TASK TO COMPLETE: Give back every record verbatim, but not the pictures.

DATASET RECORDS:
● ● ● ● ● ● ●
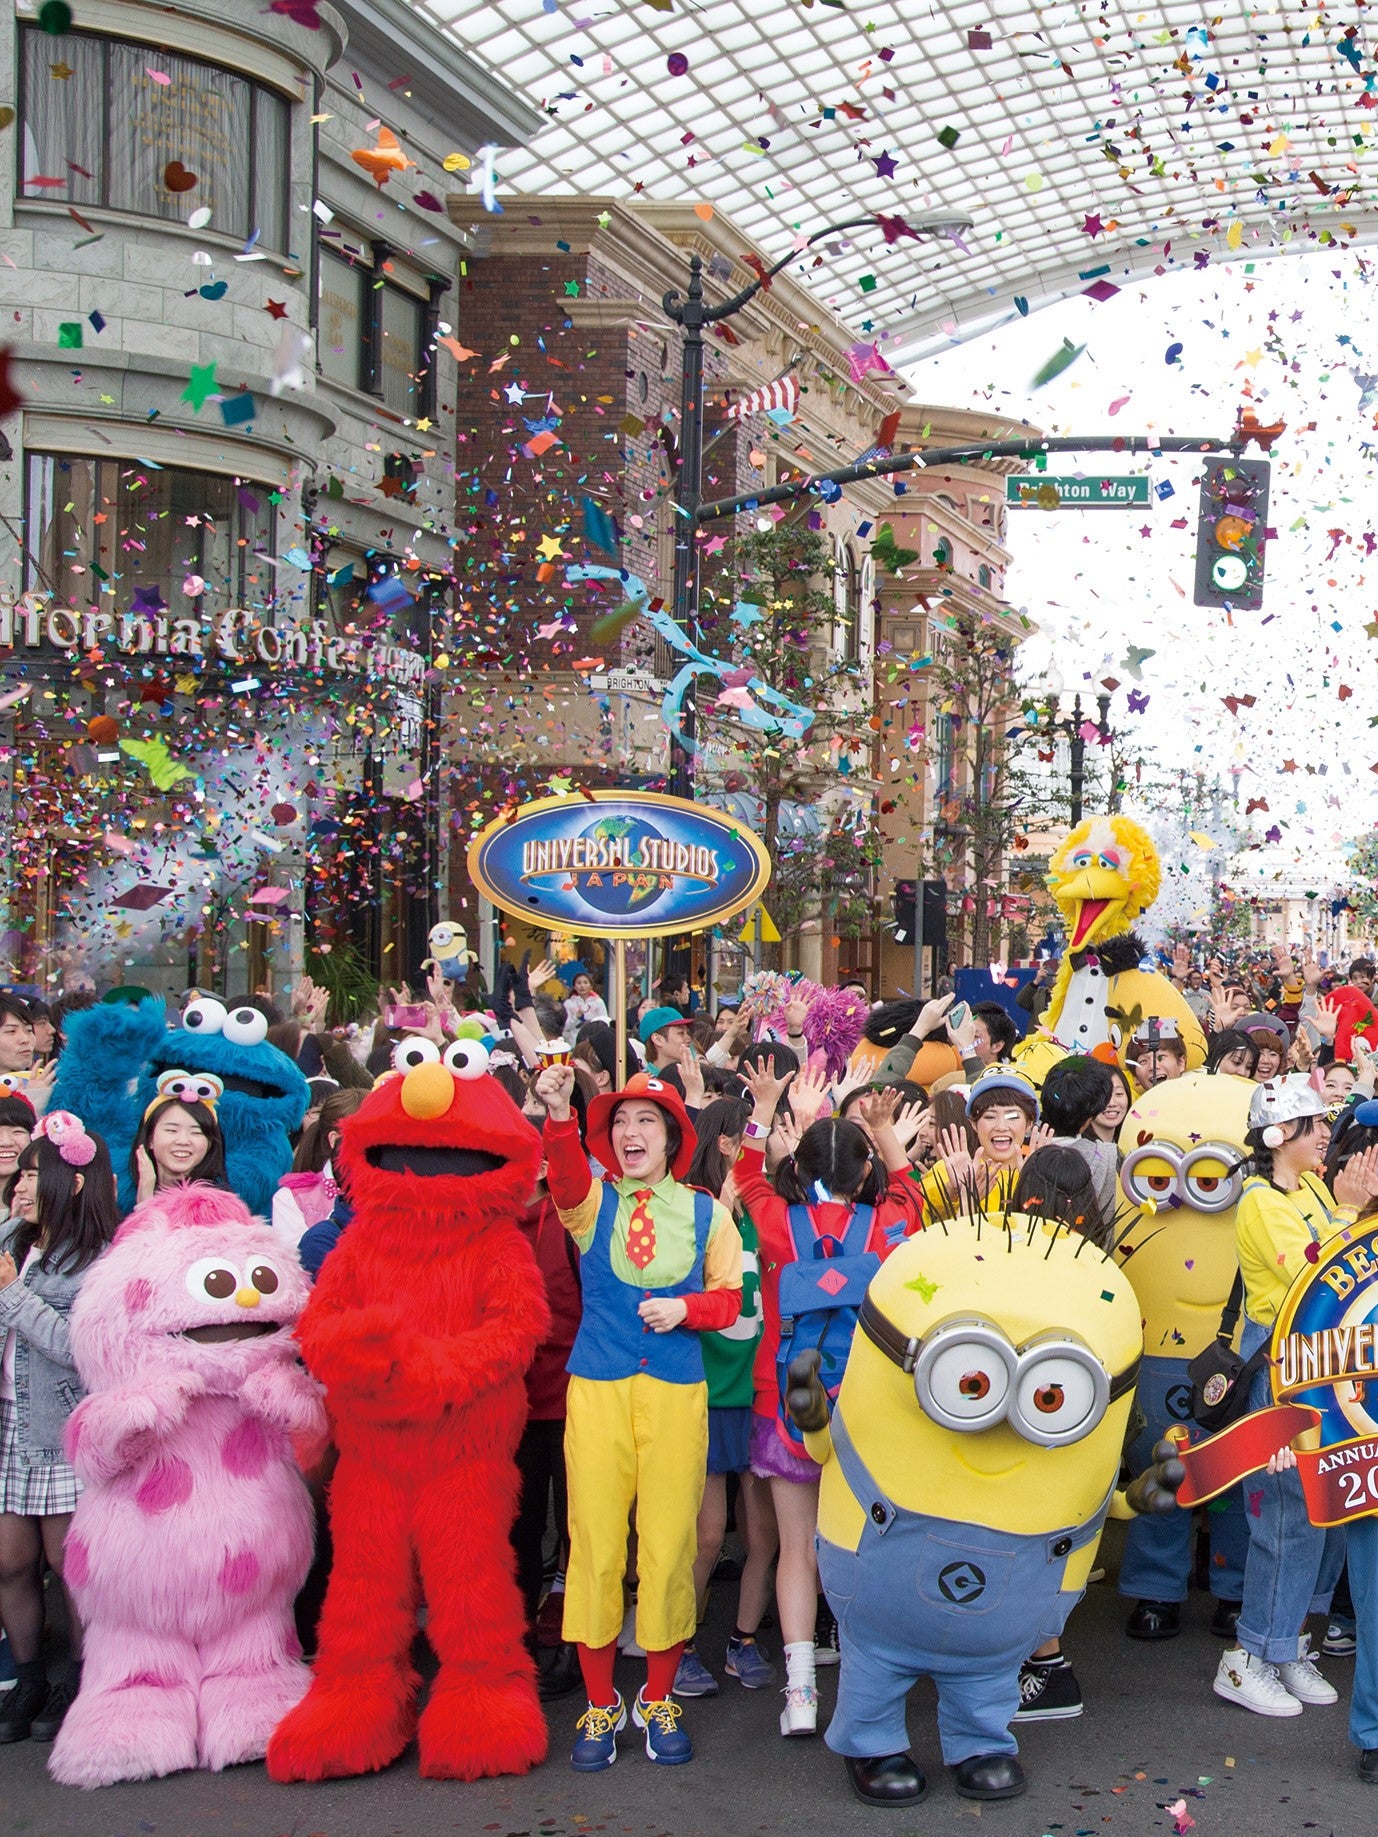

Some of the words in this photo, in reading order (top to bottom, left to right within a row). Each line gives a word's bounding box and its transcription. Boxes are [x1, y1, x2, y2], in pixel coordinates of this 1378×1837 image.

[1100, 482, 1136, 500] Way
[607, 678, 650, 689] BRIGHTON
[523, 836, 637, 874] UNIVERSAL
[639, 836, 719, 879] STUDIOS
[565, 872, 674, 890] JAPAN
● ● ● ● ● ● ●
RESULT OF THIS TASK:
Some of the words in this photo, in reading order (top to bottom, left to right within a row). Each line gives a word's bounding box and its transcription. Boxes are [x1, y1, x2, y2], in pixel coordinates of this 1378×1837 image.

[1100, 482, 1136, 500] Way
[607, 678, 650, 689] BRIGHTON
[523, 836, 637, 874] UNIVERSAL
[639, 836, 719, 879] STUDIOS
[565, 872, 674, 890] JAPAN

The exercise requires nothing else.